→ **Goal of the exercise**
Would you copy only the lines below, beginning with the one that contains "this 1280×1704 image." and running through the last entry line?

→ **Task material**
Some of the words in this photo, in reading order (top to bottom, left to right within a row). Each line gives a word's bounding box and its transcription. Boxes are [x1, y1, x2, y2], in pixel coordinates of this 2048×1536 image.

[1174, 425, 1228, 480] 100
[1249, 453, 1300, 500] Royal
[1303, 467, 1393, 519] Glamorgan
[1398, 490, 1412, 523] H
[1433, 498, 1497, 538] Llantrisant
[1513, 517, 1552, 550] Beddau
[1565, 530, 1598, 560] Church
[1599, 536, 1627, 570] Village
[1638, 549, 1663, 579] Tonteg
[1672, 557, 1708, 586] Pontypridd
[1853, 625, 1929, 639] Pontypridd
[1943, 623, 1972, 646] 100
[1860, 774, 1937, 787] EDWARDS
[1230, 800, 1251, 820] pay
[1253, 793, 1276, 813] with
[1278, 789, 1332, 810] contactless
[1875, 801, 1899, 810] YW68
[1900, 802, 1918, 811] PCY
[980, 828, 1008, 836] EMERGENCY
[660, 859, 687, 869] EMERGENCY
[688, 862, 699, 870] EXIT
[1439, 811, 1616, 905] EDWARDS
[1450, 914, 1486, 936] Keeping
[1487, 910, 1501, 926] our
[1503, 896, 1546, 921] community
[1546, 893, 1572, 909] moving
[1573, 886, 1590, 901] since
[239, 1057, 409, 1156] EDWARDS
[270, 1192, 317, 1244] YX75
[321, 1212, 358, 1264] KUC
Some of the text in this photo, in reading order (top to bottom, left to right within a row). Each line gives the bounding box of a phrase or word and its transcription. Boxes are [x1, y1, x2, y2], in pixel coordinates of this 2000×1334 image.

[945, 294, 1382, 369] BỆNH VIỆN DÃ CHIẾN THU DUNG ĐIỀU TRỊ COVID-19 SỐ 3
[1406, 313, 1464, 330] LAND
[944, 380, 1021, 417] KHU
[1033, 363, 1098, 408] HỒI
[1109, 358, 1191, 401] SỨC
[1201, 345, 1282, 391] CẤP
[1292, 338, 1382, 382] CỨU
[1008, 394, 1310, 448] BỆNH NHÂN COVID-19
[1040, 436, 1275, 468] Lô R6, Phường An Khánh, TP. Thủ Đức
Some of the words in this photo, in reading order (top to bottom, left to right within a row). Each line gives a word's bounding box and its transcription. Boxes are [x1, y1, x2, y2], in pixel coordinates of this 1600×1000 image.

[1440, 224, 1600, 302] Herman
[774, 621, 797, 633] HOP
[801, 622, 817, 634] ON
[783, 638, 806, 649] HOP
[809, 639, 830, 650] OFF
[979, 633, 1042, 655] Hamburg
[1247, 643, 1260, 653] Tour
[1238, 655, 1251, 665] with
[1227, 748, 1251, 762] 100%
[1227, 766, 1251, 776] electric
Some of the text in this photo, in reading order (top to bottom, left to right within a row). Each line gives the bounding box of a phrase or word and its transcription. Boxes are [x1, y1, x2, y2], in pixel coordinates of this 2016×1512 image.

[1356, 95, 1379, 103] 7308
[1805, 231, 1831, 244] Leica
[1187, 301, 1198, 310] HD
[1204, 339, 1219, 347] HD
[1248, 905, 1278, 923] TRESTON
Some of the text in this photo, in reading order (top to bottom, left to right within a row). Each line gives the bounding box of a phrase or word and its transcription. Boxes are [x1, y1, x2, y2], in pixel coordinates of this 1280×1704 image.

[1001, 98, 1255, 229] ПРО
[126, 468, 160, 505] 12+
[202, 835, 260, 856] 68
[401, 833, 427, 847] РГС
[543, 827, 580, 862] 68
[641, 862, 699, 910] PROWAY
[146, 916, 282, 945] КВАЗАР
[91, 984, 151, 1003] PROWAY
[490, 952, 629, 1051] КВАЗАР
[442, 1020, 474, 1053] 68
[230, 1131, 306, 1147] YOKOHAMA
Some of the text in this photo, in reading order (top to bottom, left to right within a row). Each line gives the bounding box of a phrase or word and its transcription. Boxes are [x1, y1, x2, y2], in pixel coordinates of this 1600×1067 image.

→ **Result of this exercise**
Some of the text in this photo, in reading order (top to bottom, left to right within a row). Each line gives the bounding box of a phrase or word and its transcription. Boxes are [x1, y1, x2, y2], in pixel coordinates of this 1280×1704 image.

[1001, 98, 1255, 229] ПРО
[126, 468, 160, 505] 12+
[202, 835, 260, 856] 68
[401, 833, 427, 847] РГС
[543, 827, 580, 862] 68
[641, 862, 699, 910] PROWAY
[146, 916, 282, 945] КВАЗАР
[91, 984, 151, 1003] PROWAY
[490, 952, 629, 1051] КВАЗАР
[442, 1020, 474, 1053] 68
[230, 1131, 306, 1147] YOKOHAMA
Some of the text in this photo, in reading order (top to bottom, left to right within a row). Each line gives the bounding box of a phrase or word and its transcription. Boxes are [x1, y1, x2, y2], in pixel coordinates of this 1600×1067 image.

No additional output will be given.